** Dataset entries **
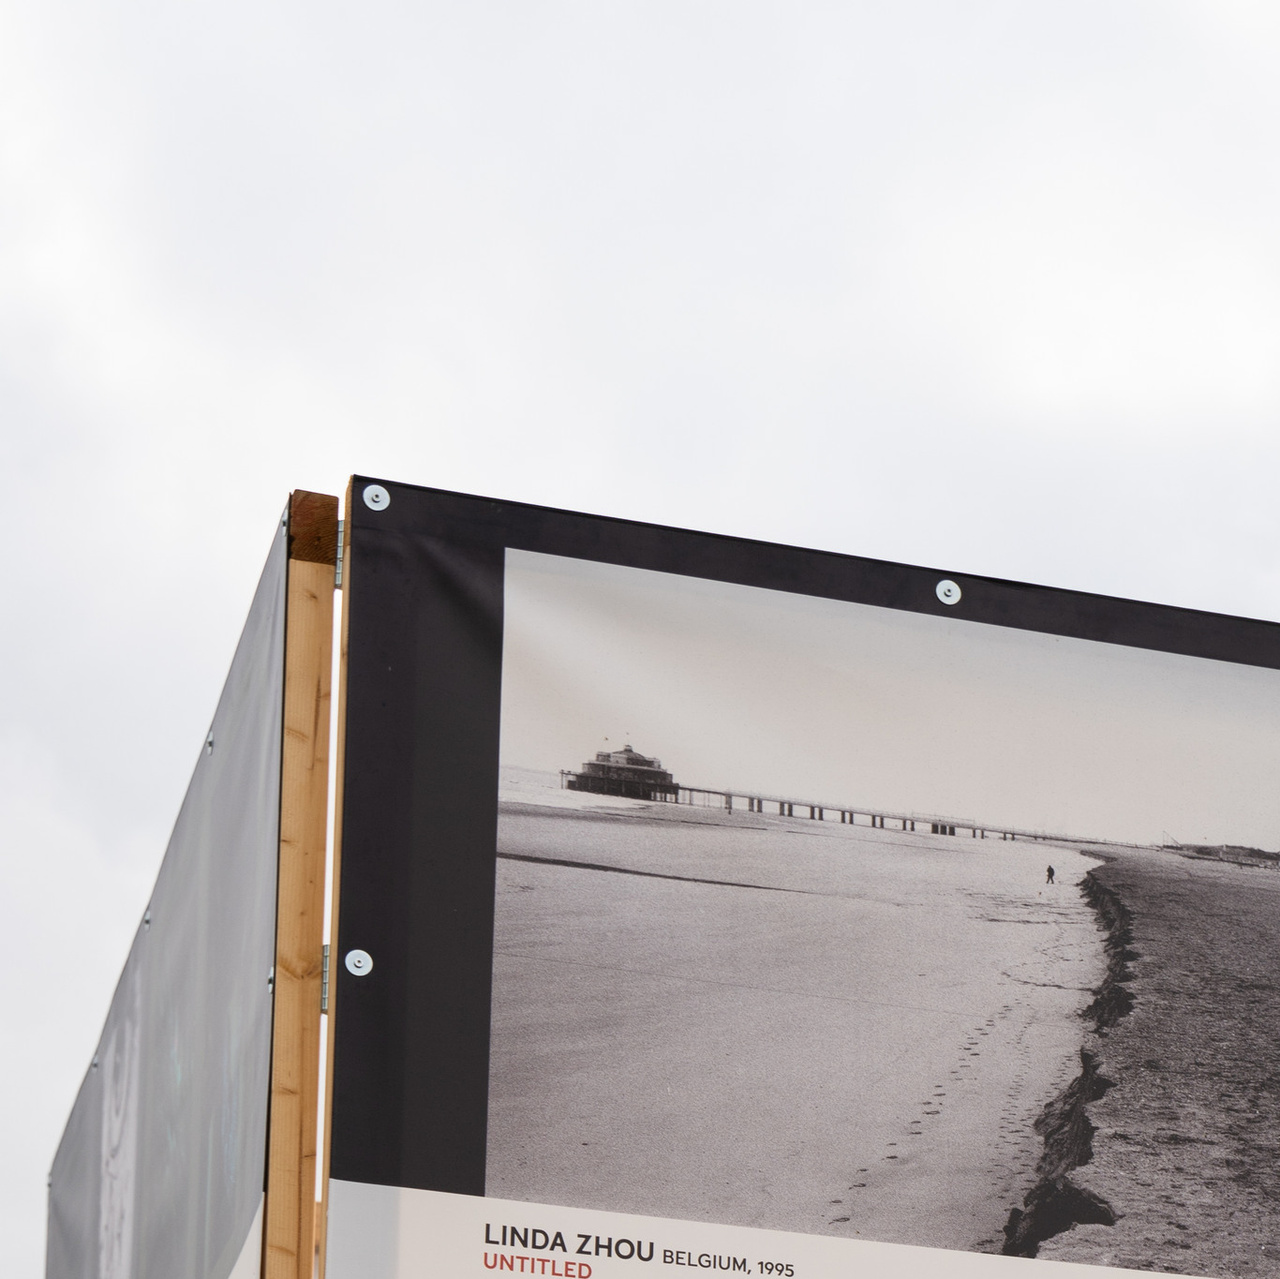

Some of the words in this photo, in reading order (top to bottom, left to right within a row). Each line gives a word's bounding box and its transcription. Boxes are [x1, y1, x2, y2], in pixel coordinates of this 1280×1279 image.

[483, 1251, 593, 1279] UNTITLED
[484, 1222, 568, 1253] LINDA
[575, 1233, 655, 1262] ZHOU
[662, 1249, 752, 1275] BELGIUM,
[757, 1260, 795, 1278] 1995
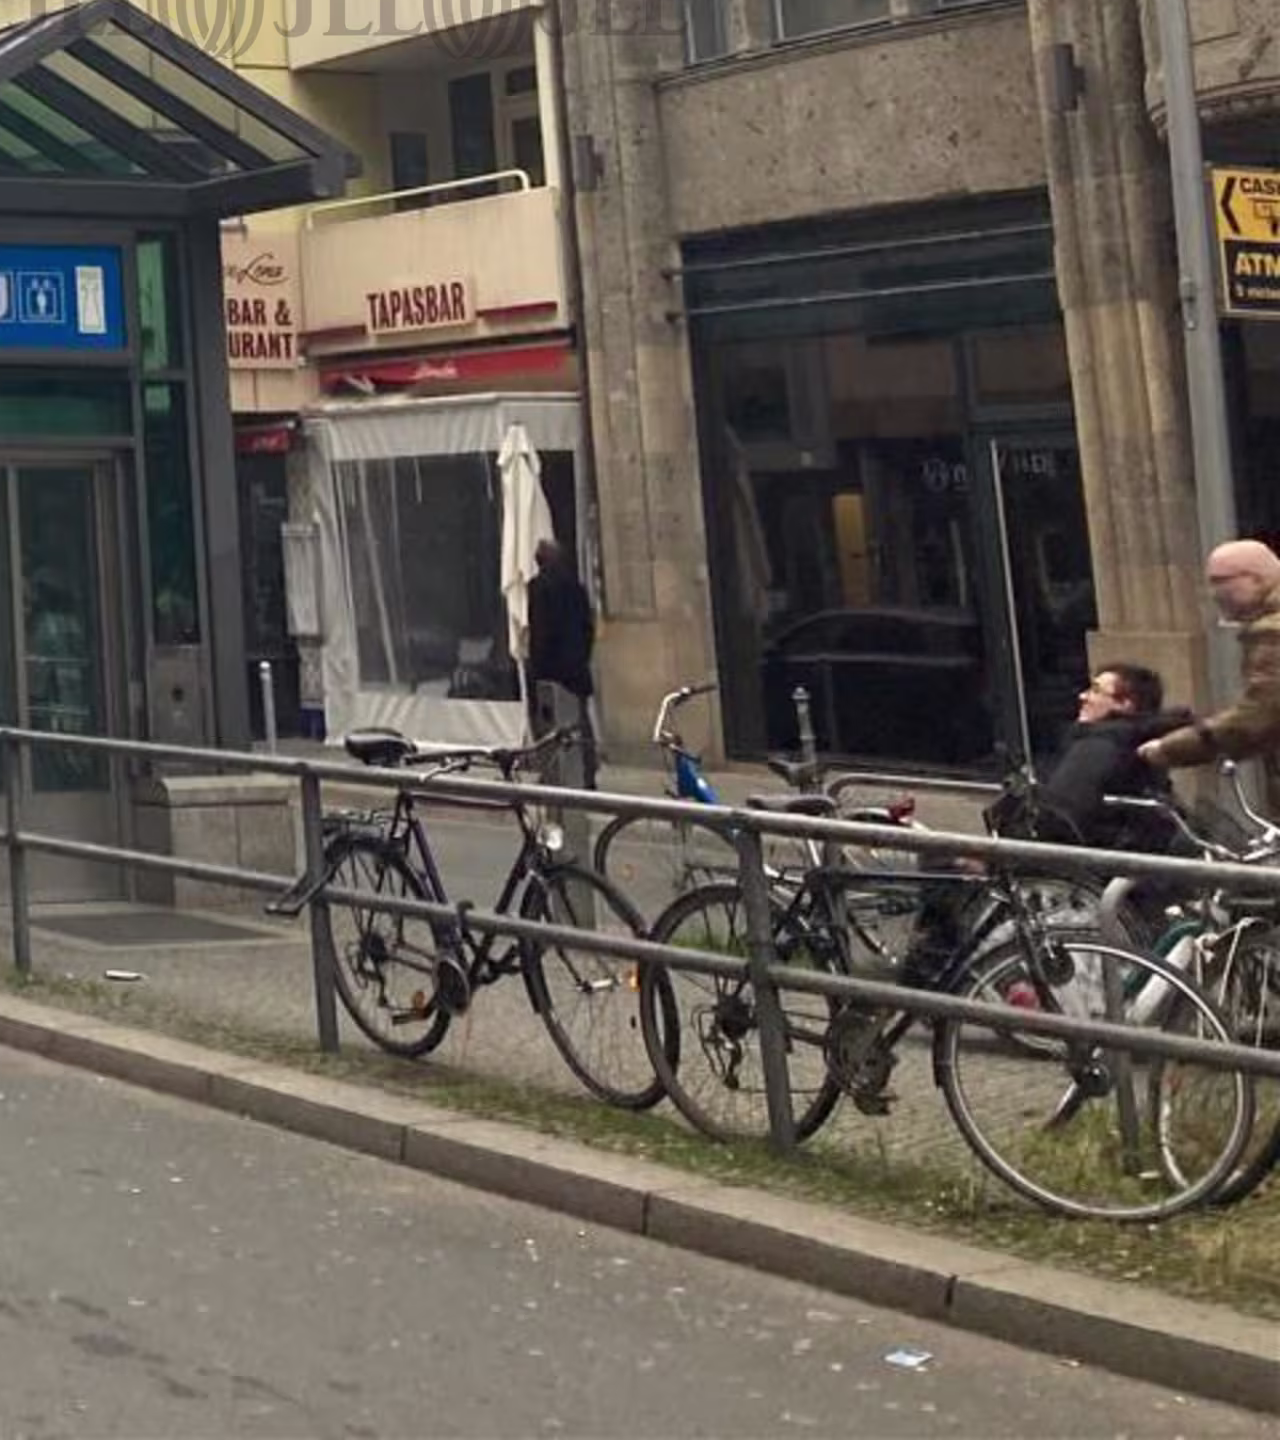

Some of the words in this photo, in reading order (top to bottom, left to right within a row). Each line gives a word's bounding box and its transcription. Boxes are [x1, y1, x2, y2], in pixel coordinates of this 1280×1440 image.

[226, 298, 267, 326] BAR
[274, 299, 293, 326] &
[365, 281, 466, 331] TAPASBAR

** WHAT YOU HAVE TO DO **
No picture belongs in the copy. Print every entry above exactly as it stands.

** COMPLETED EXERCISE **
Some of the words in this photo, in reading order (top to bottom, left to right within a row). Each line gives a word's bounding box and its transcription. Boxes are [x1, y1, x2, y2], in pixel coordinates of this 1280×1279 image.

[483, 1251, 593, 1279] UNTITLED
[484, 1222, 568, 1253] LINDA
[575, 1233, 655, 1262] ZHOU
[662, 1249, 752, 1275] BELGIUM,
[757, 1260, 795, 1278] 1995

Some of the words in this photo, in reading order (top to bottom, left to right within a row). Each line gives a word's bounding box and its transcription. Boxes are [x1, y1, x2, y2], in pixel coordinates of this 1280×1440 image.

[226, 298, 267, 326] BAR
[274, 299, 293, 326] &
[365, 281, 466, 331] TAPASBAR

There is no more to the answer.